Omit the pictures, please, and give each record below again exactly.

[Start of section]

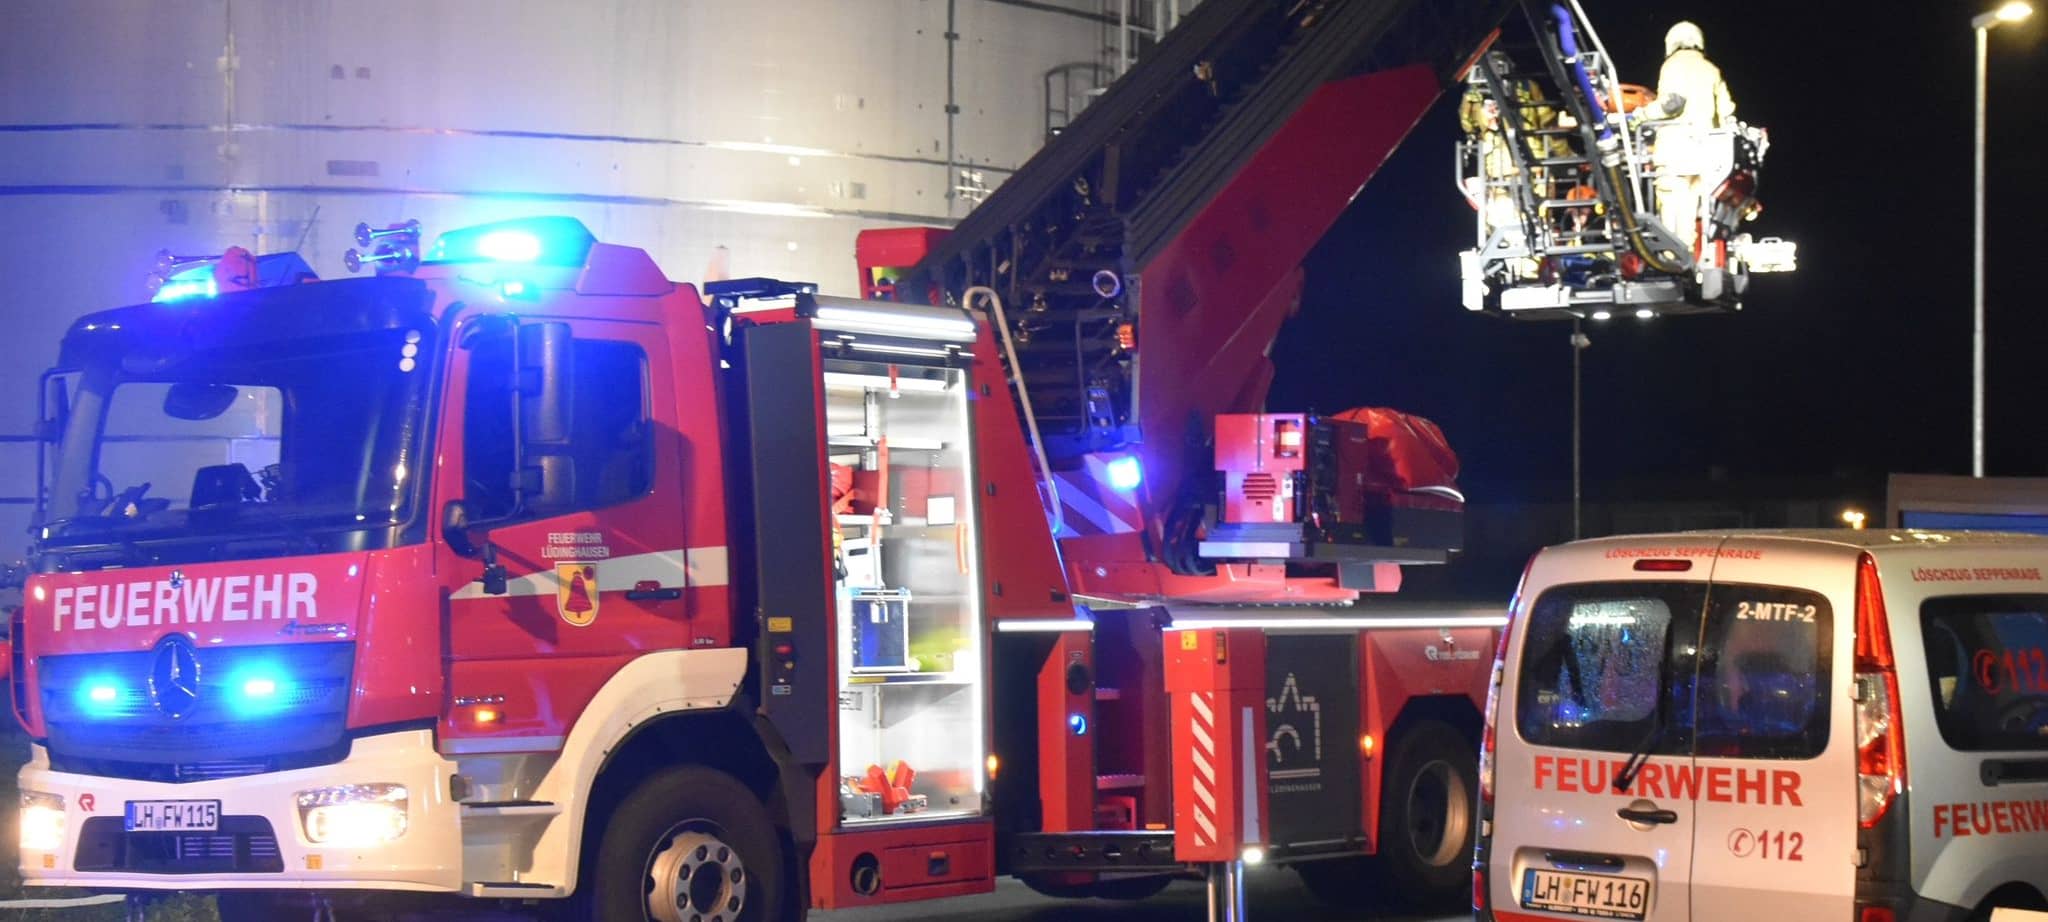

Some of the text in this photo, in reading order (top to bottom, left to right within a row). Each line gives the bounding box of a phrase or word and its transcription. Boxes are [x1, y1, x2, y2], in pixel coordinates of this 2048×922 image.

[548, 532, 602, 544] FEUERWEHR
[1605, 546, 1762, 560] LÖSCHZUG SEPPENRADE
[1911, 566, 2042, 582] LÖSCHZUG SEPPENRADE
[53, 572, 318, 632] FEUERWEHR
[1737, 602, 1816, 623] 2-MTF-2
[2002, 649, 2048, 693] 112
[134, 805, 216, 827] LH FW 115
[1757, 831, 1804, 861] 112
[1535, 875, 1641, 908] LH FW 116

[End of section]

» **FINAL ANSWER**:
Some of the text in this photo, in reading order (top to bottom, left to right within a row). Each line gives the bounding box of a phrase or word and its transcription. Boxes are [x1, y1, x2, y2], in pixel coordinates of this 2048×922 image.

[548, 532, 602, 544] FEUERWEHR
[1605, 546, 1762, 560] LÖSCHZUG SEPPENRADE
[1911, 566, 2042, 582] LÖSCHZUG SEPPENRADE
[53, 572, 318, 632] FEUERWEHR
[1737, 602, 1816, 623] 2-MTF-2
[2002, 649, 2048, 693] 112
[134, 805, 216, 827] LH FW 115
[1757, 831, 1804, 861] 112
[1535, 875, 1641, 908] LH FW 116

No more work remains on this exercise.